Azzurri CEO 'surprised' by pace of shift to cloud
Chris Jagusz tells CRN that sudden shift among customer base from on-premise to cloud-based UC was one reason behind annual sales fall
Azzurri Communications' chief executive says an unexpectedly rapid shift towards cloud spending among customers artificially depressed its 2014 numbers but will ultimately help restore the comms VAR to growth.
2014 was a "year of transformation" for Azzurri, the Mitel, Avaya, O2 and EE partner said in its annual report, which showed a 25 per cent drop in EBITDA for the 12 months to 30 June 2014 to £5m, on revenues that fell three per cent to £105m.
"Last year, we saw a turning point in the shift in demand from customers buying big systems they use on-premise to cloud solutions," chief executive Chris Jagusz (pictured) told CRN.
"We have been surprised by the pace at which that happened. The industry has been talking about [cloud] for years and years and not much has moved in the world of unified communications. But just in the last 18 months or so, demand has shifted."
Jagusz added: "The decline in revenue came about from that shift in demand to cloud and because we saw some pressure on pricing from the reduction in mobile termination rates, which tended to push headline mobile and fixed call prices down. We also had some sales execution issues."

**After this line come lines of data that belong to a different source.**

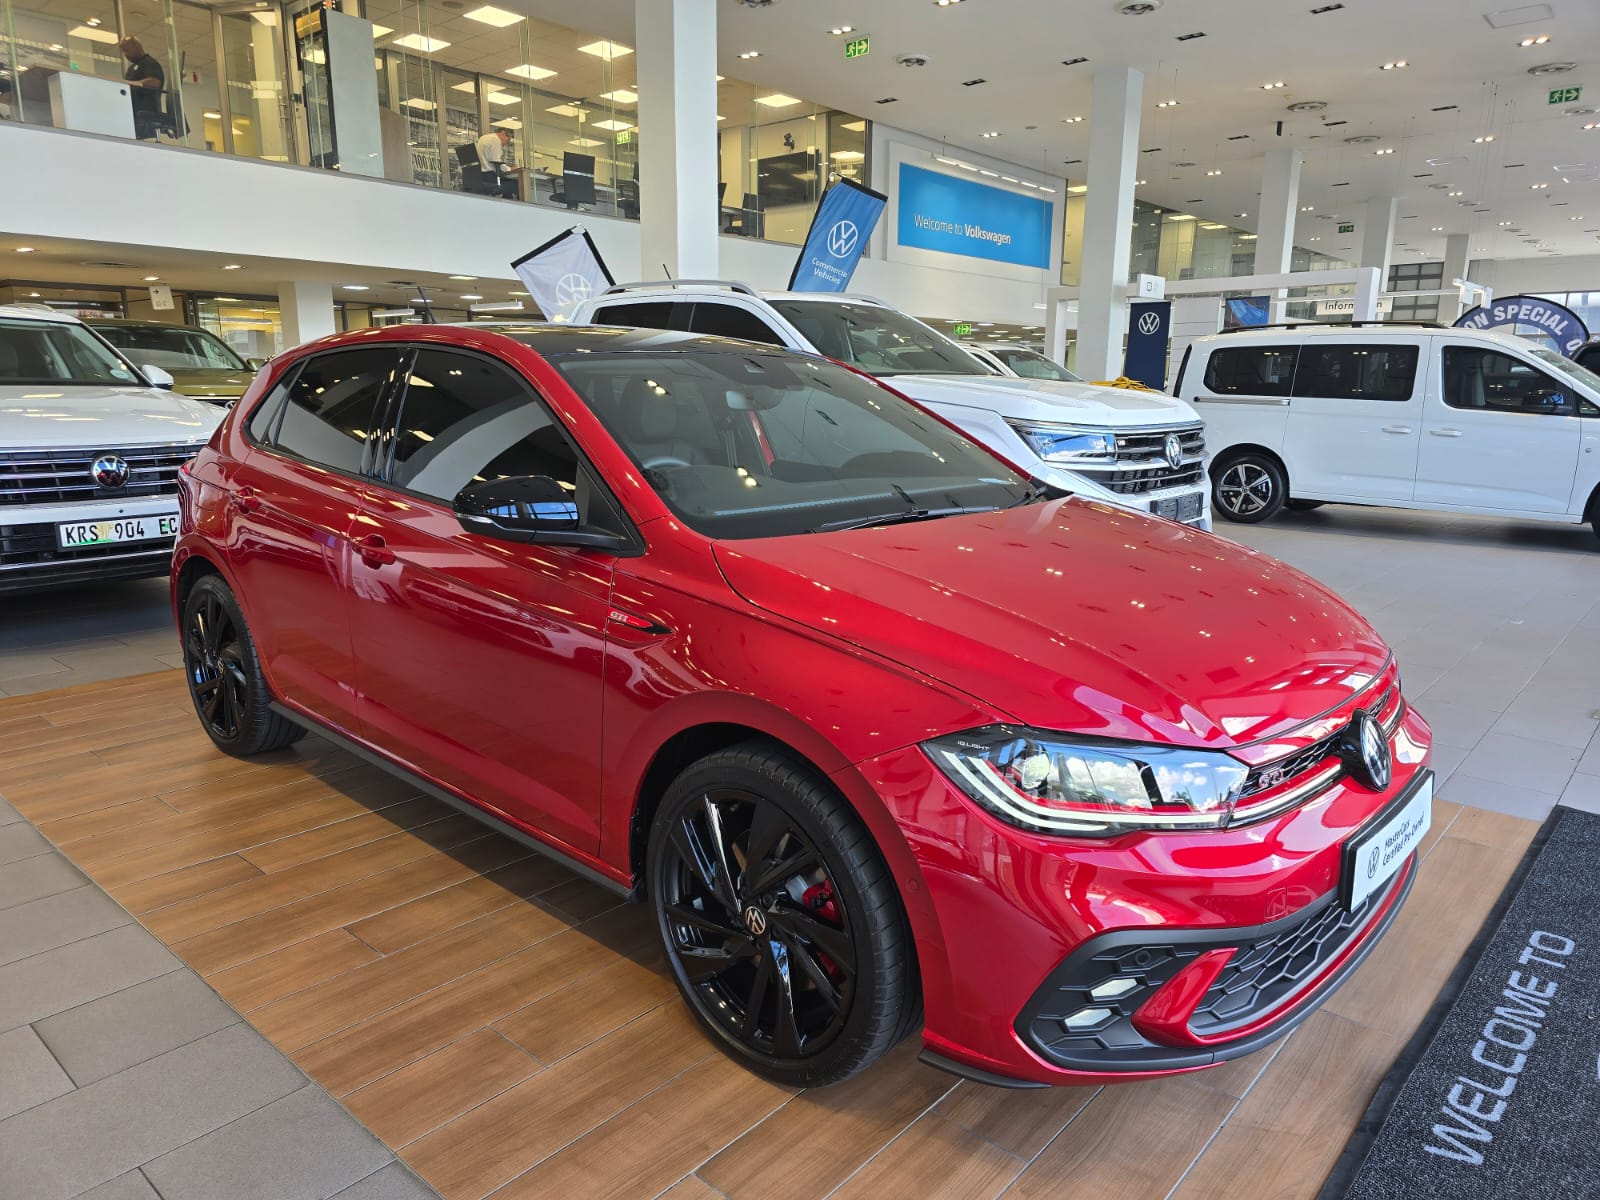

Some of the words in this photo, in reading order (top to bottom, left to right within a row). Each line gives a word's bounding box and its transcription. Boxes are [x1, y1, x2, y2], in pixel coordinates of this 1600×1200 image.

[914, 215, 953, 234] Welcome
[955, 224, 962, 235] to
[964, 223, 1011, 245] Volkswagen
[1493, 304, 1569, 336] SPECIAL
[65, 524, 99, 545] KRS
[114, 521, 145, 539] 904
[159, 517, 178, 535] EC
[1258, 768, 1285, 789] GTI
[1423, 969, 1559, 1167] WELCOME
[1518, 929, 1576, 970] TO

Azzurri's refinancing in October 2013 and its subsequent completion of a £3m cost reduction programme means it is a very different beast from the start of its fiscal 2014, Jagusz said.
Office locations have been trimmed from nine to six, with headcount now standing at 570, down from 683 in July 2013.

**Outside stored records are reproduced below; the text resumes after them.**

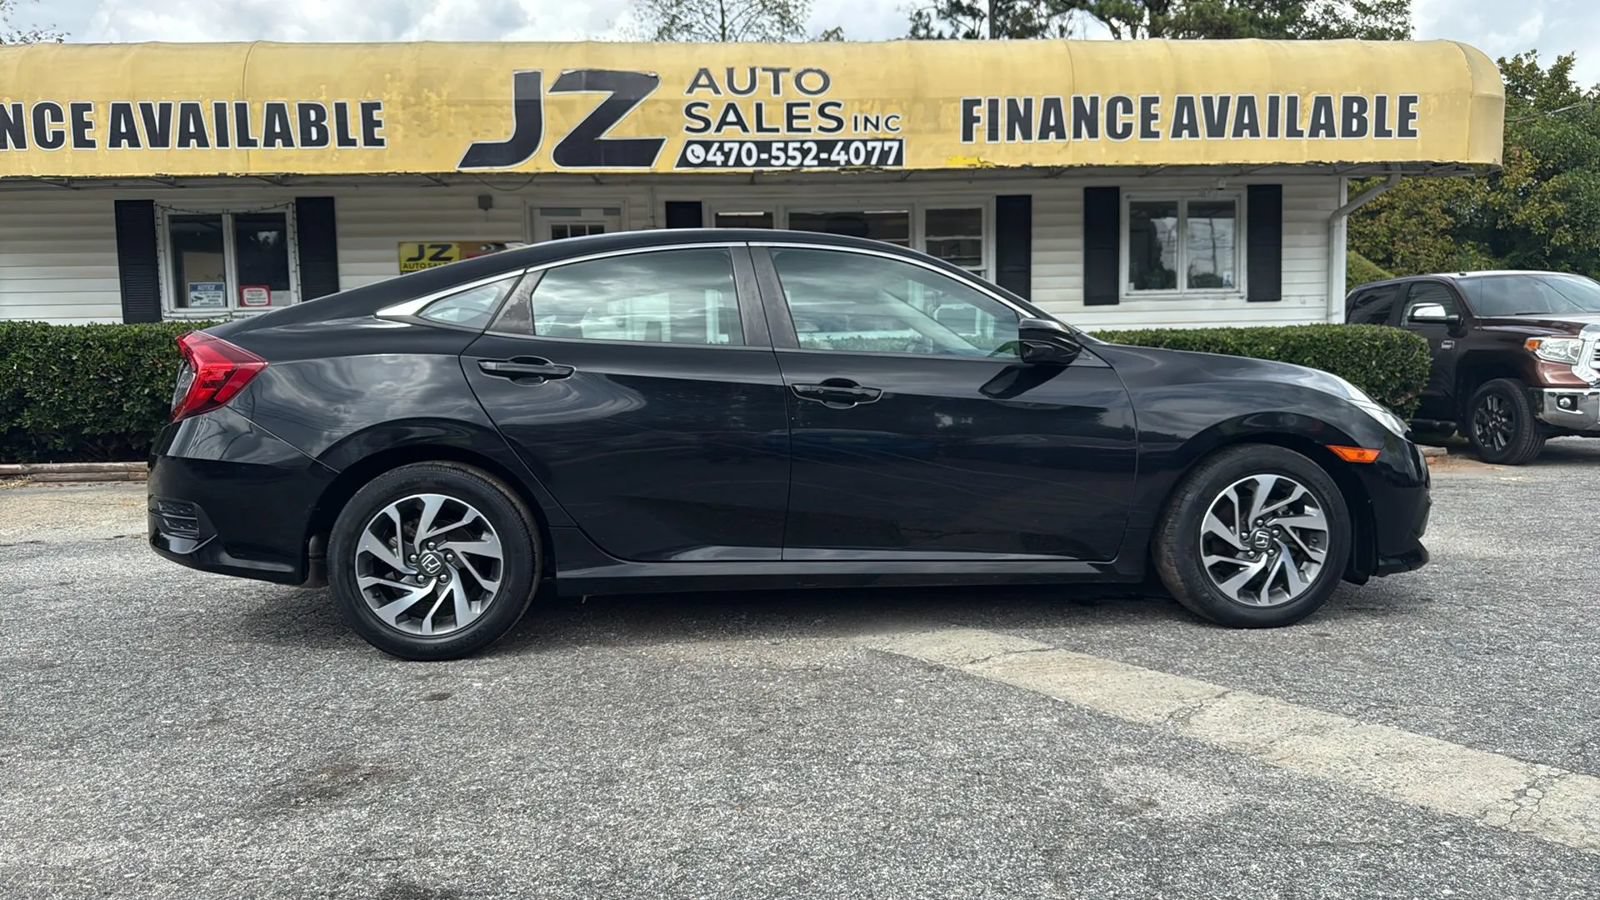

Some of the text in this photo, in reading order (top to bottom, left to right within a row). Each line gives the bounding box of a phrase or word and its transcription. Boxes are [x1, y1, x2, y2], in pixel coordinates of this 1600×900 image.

[684, 66, 832, 97] AUTO
[0, 100, 387, 150] NCE AVAILABLE
[457, 69, 667, 170] JZ
[683, 101, 903, 134] SALES INC
[961, 93, 1420, 144] FINANCE AVAILABLE
[706, 140, 900, 167] 470-552-4077
[406, 244, 454, 262] JZ

"The investor and lender situation is now stable," Jagusz said. "We now have committed investors that are backing the business for growth. And that's very different to where we were 18 months ago where there was a lot of adverse coverage about our financial situation. Customers just don't ask us about that anymore."
Azzurri's revenues have been heading south for the past several years, with sales standing at as high as £149.5m back in 2009.
But Jagusz predicted that the Weybridge-based firm, which specialises in providing fixed, mobile, hosted and on-premise UC solutions to UK firms with 500 to 2,000 staff, would return to profit growth this year and revenue growth in its fiscal 2016 as it reaps the benefits of the multi-year cloud contracts it has signed.
Azzurri chief technology officer Rufus Grig revealed that a recent straw poll of Azzurri customers suggested none of them expect to be consuming UC on premises with a traditional support contract within two years. The vast majority said they expected to move to a cloud model.
Asked what has driven the sudden shift to cloud, Jagusz said cloud-based UC technology had taken time to catch up with customer expectations.
"Customers are now doing it because other customers have done it, and it's got referenceability," he said.
"But there are now far more product options available. It's taken the market a little while to develop to what customers actually want. And thirdly, it gives the customer a lot more flexibility. For instance, for contact centres, we're in a world now where the customer can move towards paying for the average number of licences they use over a year, so they can spin up extra capacity as and when they need it."
Jagusz concluded: "And finally, cloud gives the customer the opportunity to do what they are good at and leave their cloud supplier to do what they're good at. If you centralise your resource and put it in a very controlled environment and give it to the experts, you are far more likely to get a reliable, robust service where you don't have to worry about server patching, security, and things like that."